When you have a baby, you're tired. Your hormones are out of whack, your periods are wonky, you might feel like crap and your hair falls out. Is it from "just being a tired mom" (said by your OB rather condescendingly) or is it because of something else?
When I was three or four months postpartum, I noticed weird stuff going on in my neck. As a side sleeper, I could no longer sleep that way without discomfort and even some pain. It was mildly uncomfortable to swallow, even though it wasn't the same as a typical sore throat pain. My neck swelled up and I thought I had some kind of virus, so I went to the doctor.
The physician's assistant thought maybe I had mono, so she ordered a blood test. It came back negative, but in the meantime she put me on antibiotics. After I took one pill, I thought, Wait a minute, mono is a virus, not bacterial. What the heck am I taking these for? I threw them out.
Another thing she told me: Stop breastfeeding for a while in case your baby gets what you have.
No way was I doing that. I knew my baby would be protected because I was nursing exclusively, and who's to say he wouldn't get it anyway?
I went at least another year before finding out why I felt half-dead most of the time, and probably another year on top of that before starting medication. I couldn't help but wonder, how many other "tired moms" go that long and then some with doctors throwing antidepressants at them, and everyone else patronizingly telling them, "Oh, you're just tired! Get more rest!"
In retrospect, I know now that I had postpartum thyroiditis, where the thyroid gland is affected by a surge of hormones and gets inflamed. In some cases it can last weeks or even months, and then go back to normal. In others, it makes you hypothyroid, and is under the umbrella of autoimmune thyroid disorders, or Hashimoto's disease.

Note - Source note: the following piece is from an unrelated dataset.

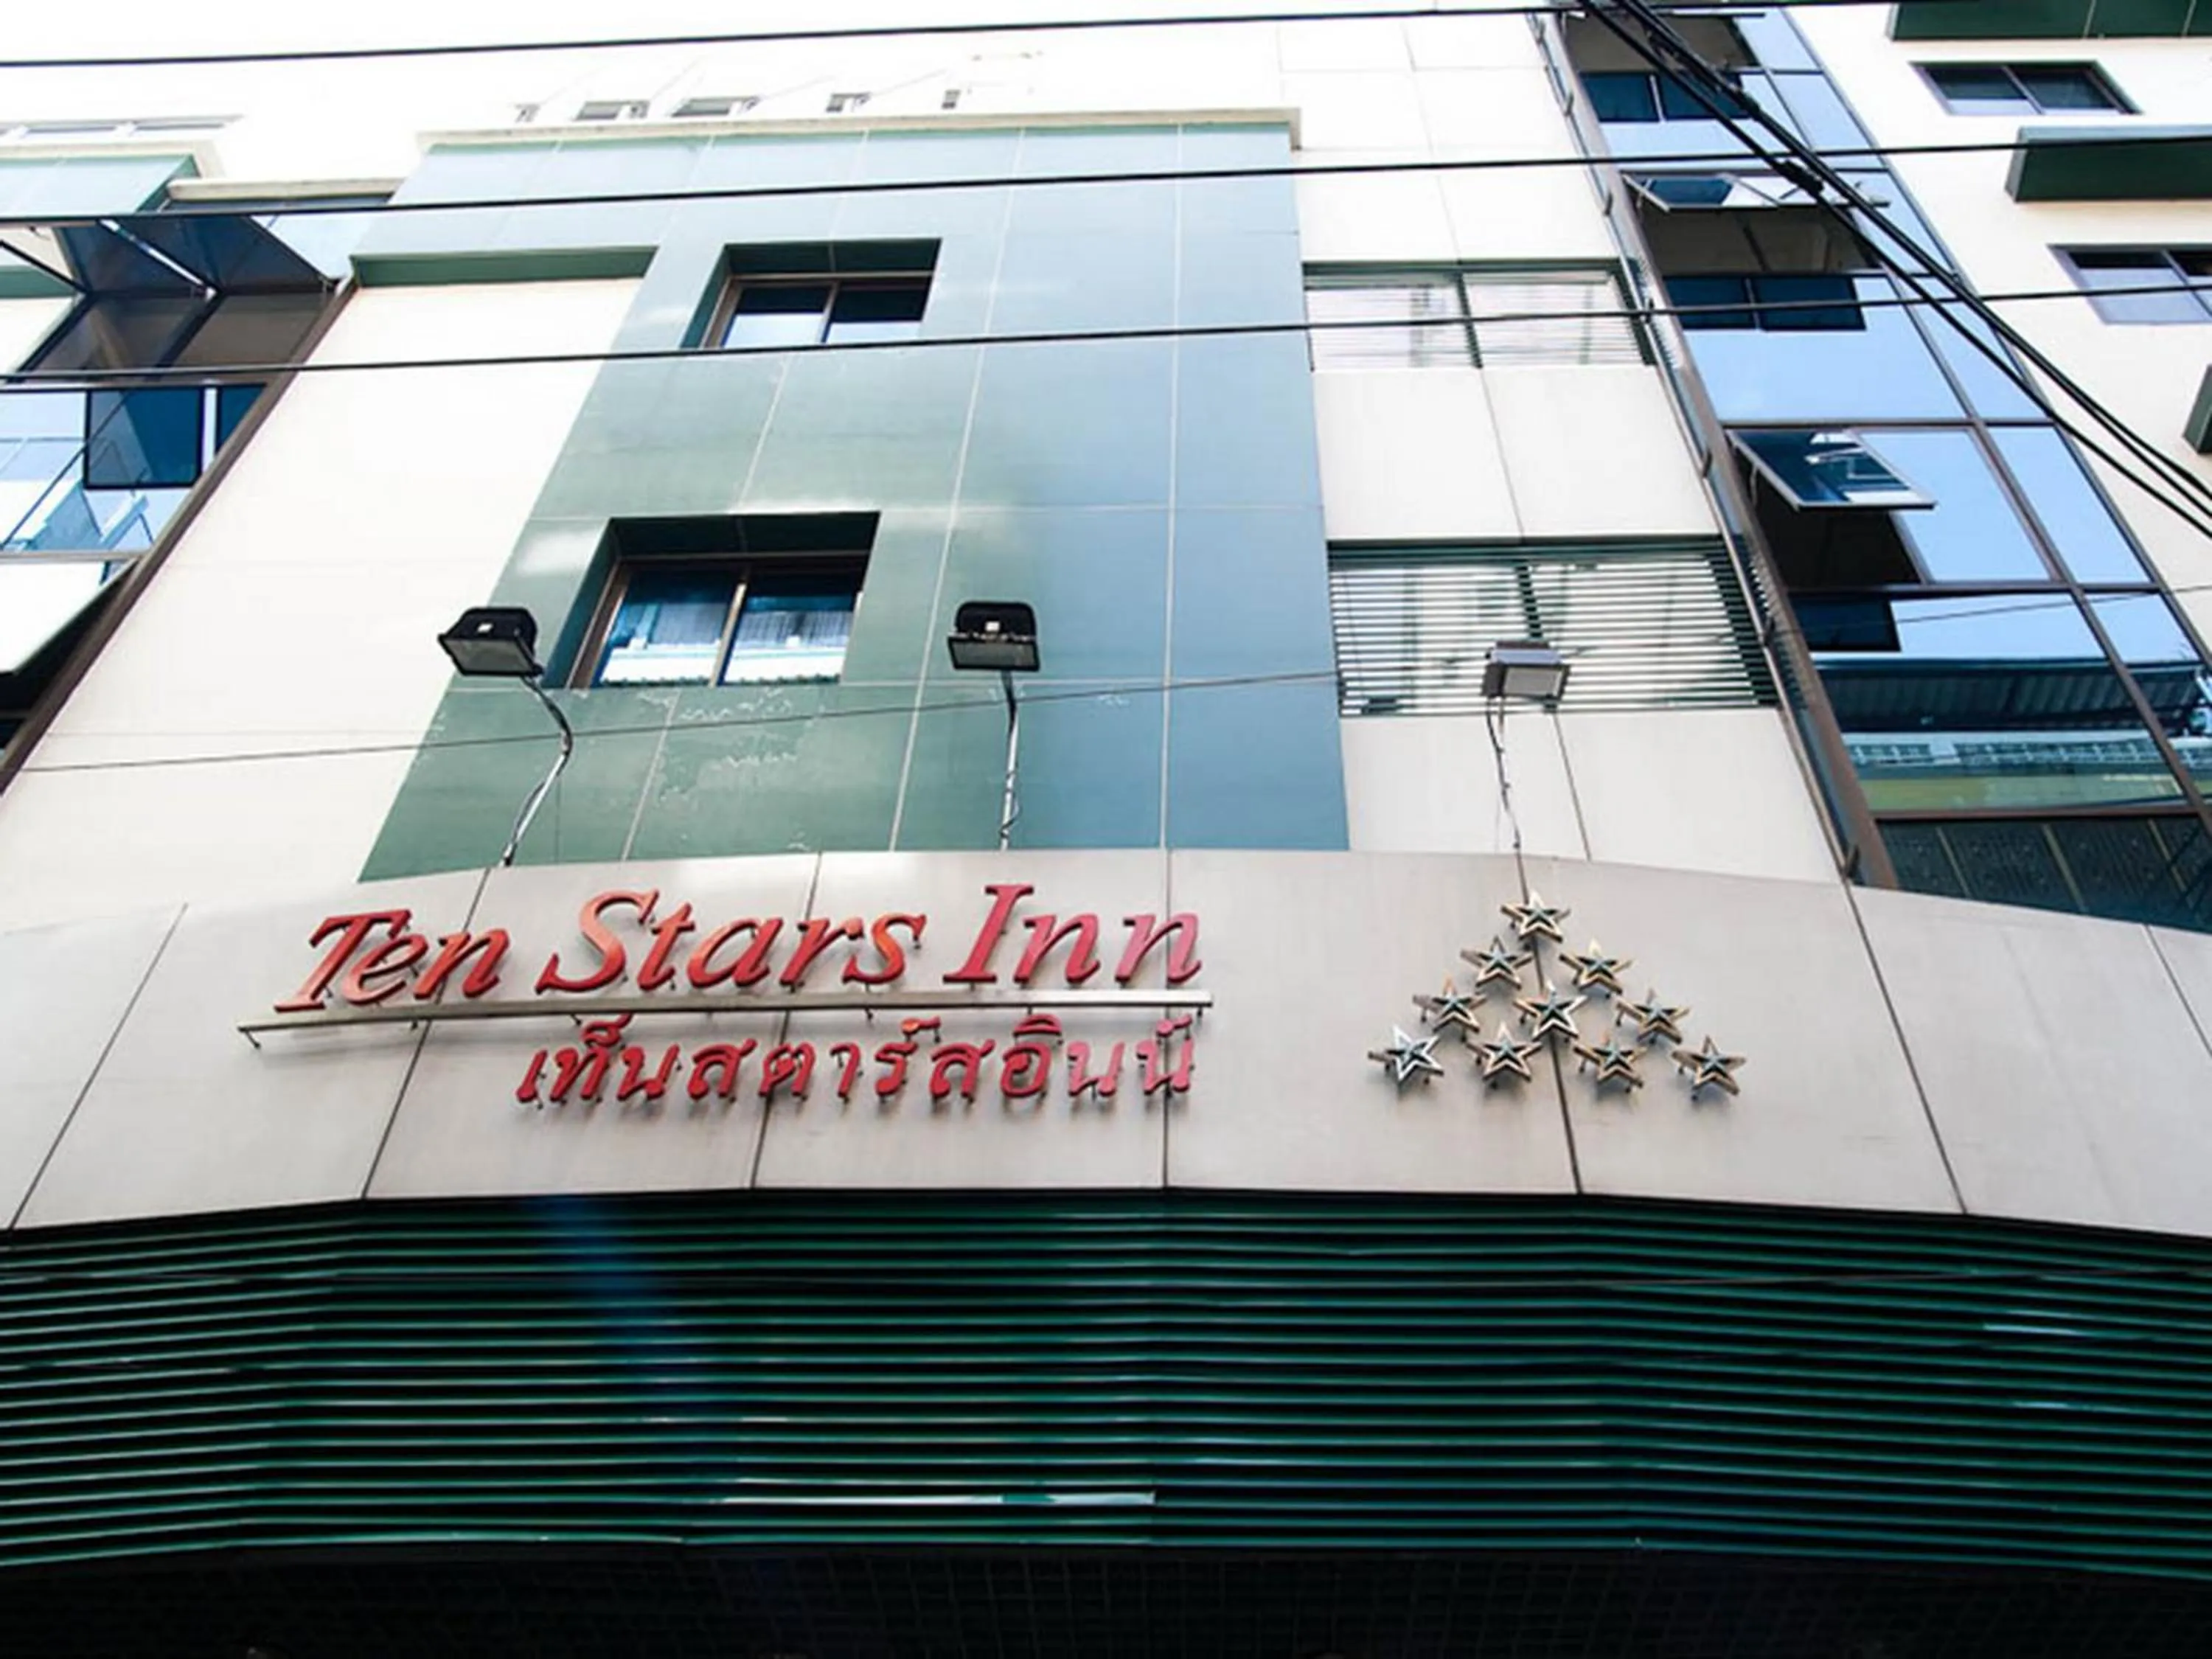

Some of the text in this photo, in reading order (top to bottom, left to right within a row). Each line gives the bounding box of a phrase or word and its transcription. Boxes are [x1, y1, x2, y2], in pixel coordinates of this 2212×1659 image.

Thyroid disorders can also make you feel depressed, on top of what you might already be feeling as a new mom who is struggling to adjust to changes or new additions in the family. In addition, another possibly huge impact on the new mother is how it can interfere with the breastfeeding relationship. I am bolding this simply because I feel that perhaps this is one component to lower breastfeeding rates, and perhaps the root of some women's difficulties with breastfeeding, that has perhaps been overlooked.
One of the signs is decreased milk volume in breastfeeding women. Considering how prevalent thyroid disorders are, it almost makes you wonder if this is one of the causes behind why some women are unsuccessful at breastfeeding and never really know why. And, according to the La Leche League, little if any research has been done on it - not only do many doctors not have a sound understanding of the mechanics of breast milk production, supply and demand, but seemingly few of those doctors truly understand thyroid disorders, either, sadly. This unknown factor in a mom's health could mean the difference between treating her condition properly or going years without knowing the true underlying cause of why she "couldn't nurse" her babies.
I posed this question of many thyroid patients recently and came up with interesting responses: I asked them if they ever had trouble breastfeeding, and if so, did they find out why? Some never had problems, others were, at one time, able to nurse very well and then suddenly production declined as they had more children. I noticed this myself: with my first, I could pump like crazy, but almost nothing with my second or third children. One said she was successfully able to nurse twins and then, in a later child, had supply issues. And some women said they tried everything - and nothing worked.
Breastmilk production is stimulated by prolactin, which is produced in the pituitary gland. Not coincidentally, the pituitary gland is also responsible for producing TSH, or thyroid stimulating hormone.
In reality, "any woman who has been pregnant can have postpartum thyroiditis," according to thyroid advocate Mary Shomon's website. There is the chance that the thyroid will return to normal in some women, but in others it can lead to a more persistent form of thyroid disorder, whether Hashimoto's or eventually full-blown hypothyroidism.